Now, none of these bands are big, even by indie standards. So far, the one with the most Spotify followers is Feeble Little Horse, though the critics prefer Knifeplay. Either way you slice it, Hotline TNT is the smallest. Performing at South By Southwest certainly raised their profile, but Anderson still rocks a side hustle as a substitute teacher/middle school counselor.
Heck, I’m not sure if Hotline TNT are considered a band. Anderson also moonlights as the editor-in-chief of his own NBA fanzine, and while he does tour with a five-person lineup, he recorded Hotline TNT’s lone album all by himself.
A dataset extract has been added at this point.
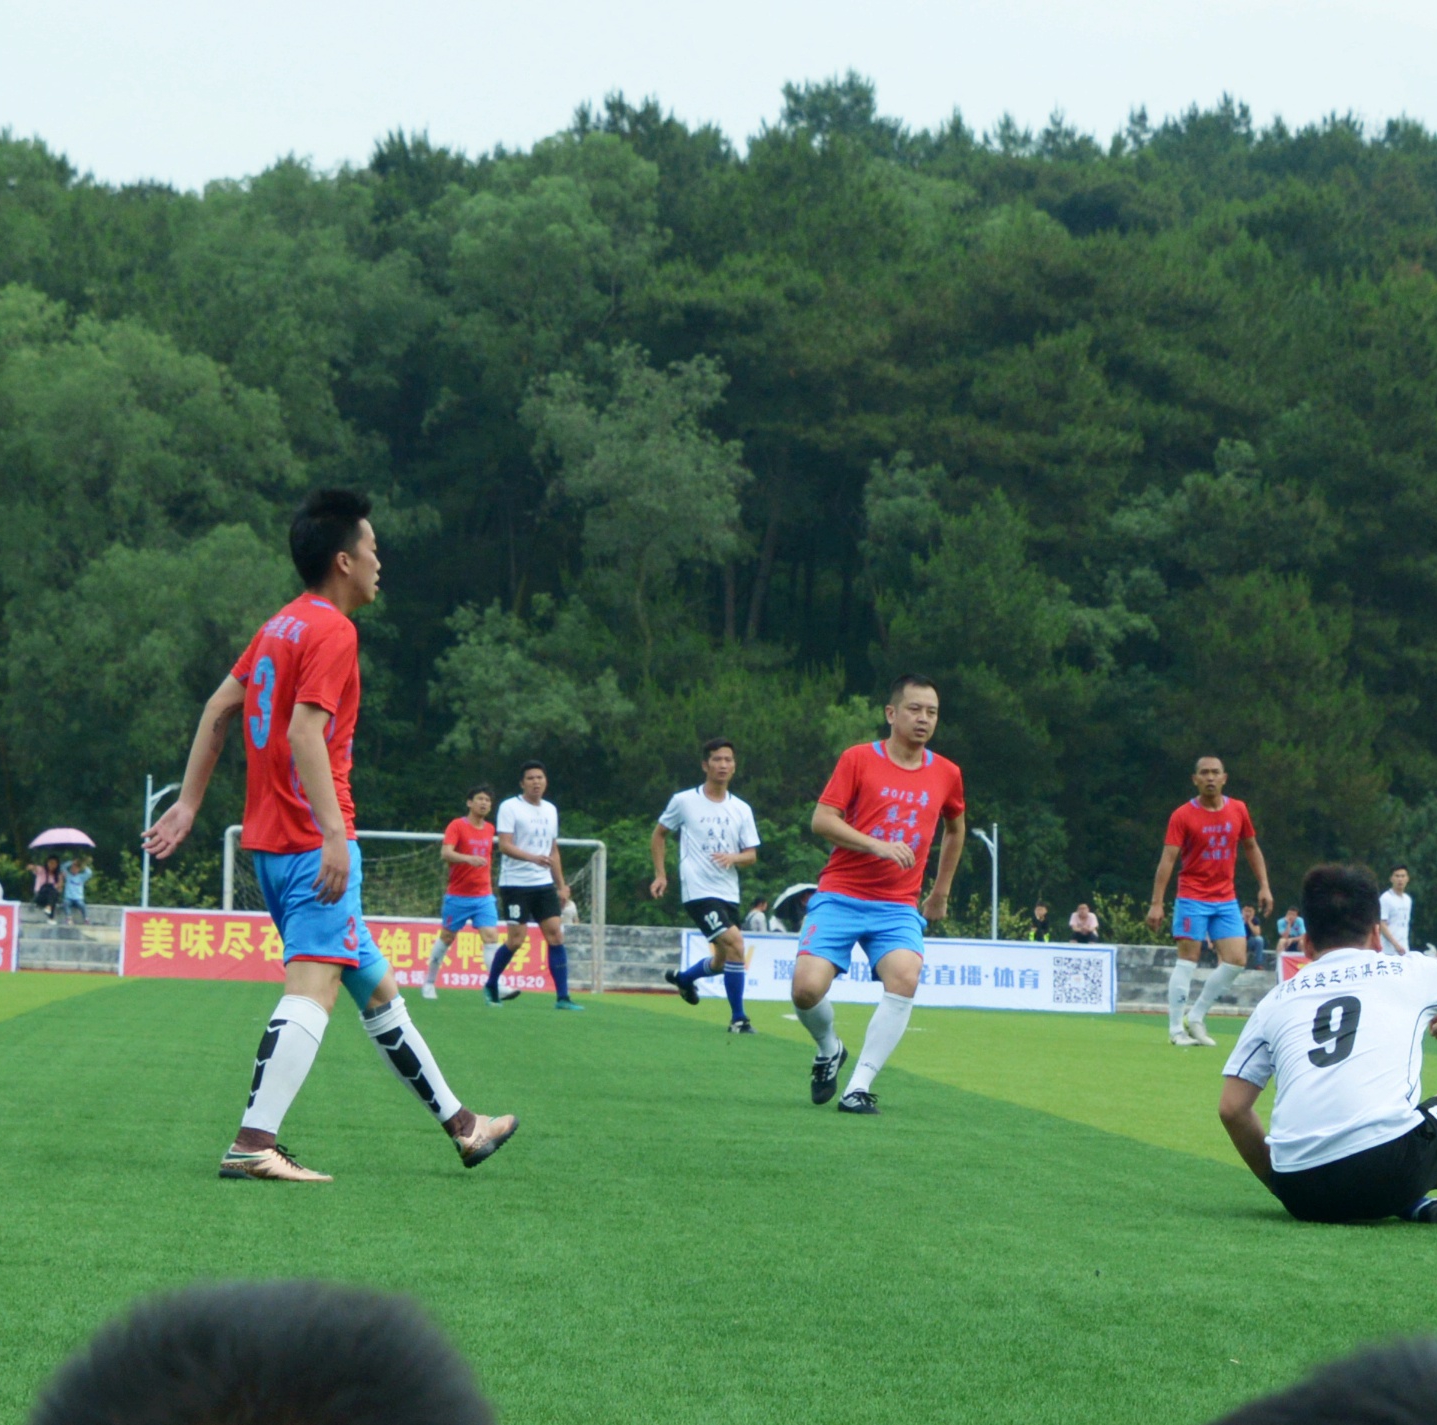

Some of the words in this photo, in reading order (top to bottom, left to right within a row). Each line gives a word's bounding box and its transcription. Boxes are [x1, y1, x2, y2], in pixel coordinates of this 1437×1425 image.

This dude doesn’t even use a whammy bar. Instead, he just sort of yams on the neck of his Yamaha until the notes get all perfectly bent out of shape.
Not that Nineteen in Love didn’t come with plenty of bells and whistles. “October” closes with a softly crushing crescendo that was programmed by a drum machine in GarageBand. “Slide” slips off into wonky twinkles, while “4-H-T” ditches the guitar entirely for humming strings and a rainbow of synth that glistens like the cosmos.
Hotline TNT doesn’t follow full body 2 down the drum ‘n’ bass rabbit hole. And Anderson doesn’t muck around in the art-rock sandbox with They Are Gutting a Body of Water. What Hotline TNT does have in common with all the bands that I’ve mentioned is a commitment to piling up layer after layer of fuzzy, molten, squealing distortion. “Stampede” rumbles like a mudslide caught in slow motion, swirling with at least four or five different guitar riffs that would all blend right in on Loveless.
And yet — Hotline TNT stands out because of those riffs. Your prototypical shoegaze band will crank up their amps until the guitars drown out the vocals. That’s by design. The feelings don’t come from what they’re singing so much as the myriad ways their voice smears against the surrounding noise tapestry. Anderson does that too, though he also knows when to take his foot off the effects pedal. Hotline TNT’s new single is a shaggy acoustic back porch strummer that lays out the case for taking things slow. “If we keep hanging out / I think your love will come around”, he sings in a raw, gentle murmur that he’s never quite revealed before.
But Hotline TNT also rips. Before moving to Minneapolis, Anderson was the frontman for Weed. That band dealt in a hazy but fierce strain of punk rock that developed something of a cult following around the Pacific Northwest, and you can still hear stems of that influence loud and clear — especially on Hotline TNT’s early EPs. I’m not saying you can mosh to “Trinity”. The song is frantic, not pissed off. Still, the whole thing is a powder keg of lurching, juggernaut momentum. The way the guitars barrel downhill like a wagon full of snakes with its brakes cut will make you want to jump around and bang heads. Hotline TNT hasn’t blown up yet, but the fuse is already lit.
You can catch Hotline TNT at Foto Club this Friday, April 28. Doors open at 7 p.m. The show starts at 8 p.m. Tickets are $15 a pop.